Work instruction: Each line below is to be repeated exactly; any picture is to be left out.
──────
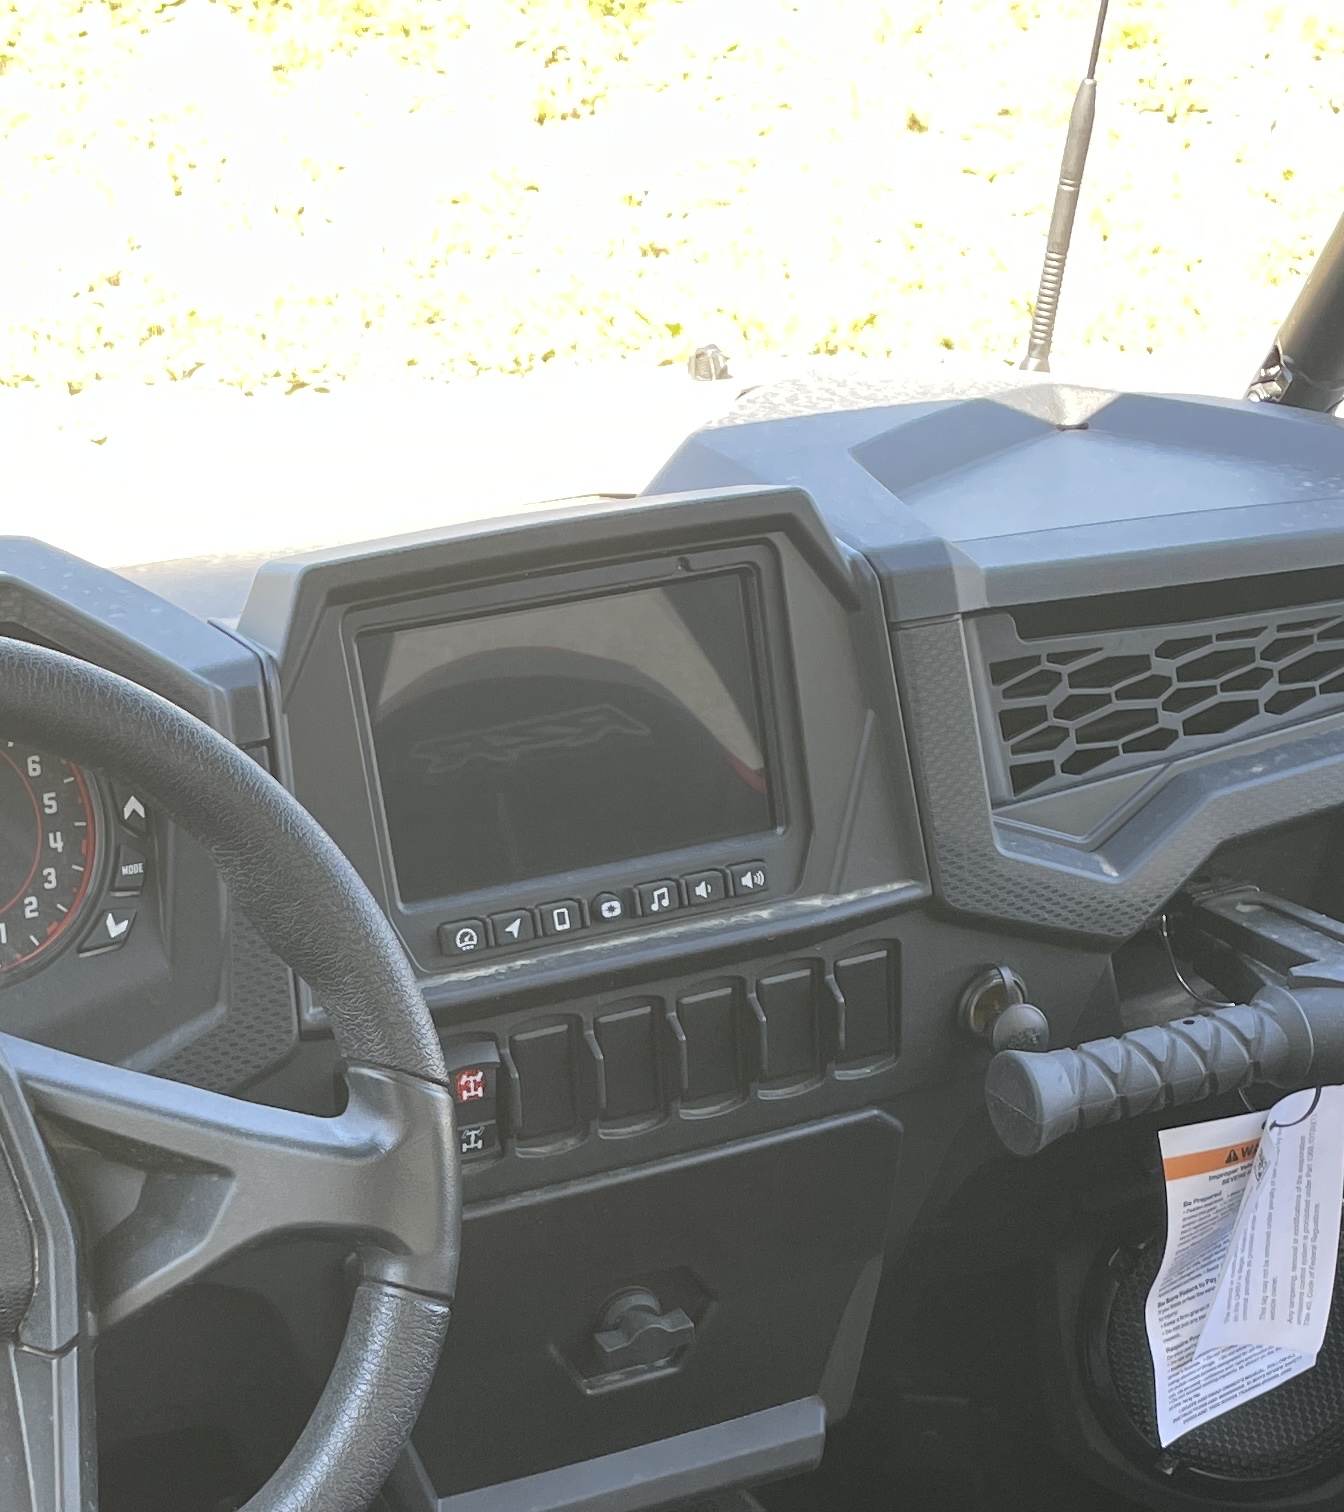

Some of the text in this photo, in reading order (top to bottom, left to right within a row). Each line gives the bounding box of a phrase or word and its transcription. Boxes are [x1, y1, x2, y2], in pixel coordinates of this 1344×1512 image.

[27, 755, 41, 777] 6
[43, 792, 57, 814] 5
[49, 832, 64, 852] 4
[43, 867, 57, 890] 3
[121, 862, 143, 875] MODE
[24, 896, 39, 919] 2
──────
Response to this task:
Some of the text in this photo, in reading order (top to bottom, left to right within a row). Each line gives the bounding box of a phrase or word and its transcription. Boxes are [x1, y1, x2, y2], in pixel coordinates of this 1344×1512 image.

[27, 755, 41, 777] 6
[43, 792, 57, 814] 5
[49, 832, 64, 852] 4
[43, 867, 57, 890] 3
[121, 862, 143, 875] MODE
[24, 896, 39, 919] 2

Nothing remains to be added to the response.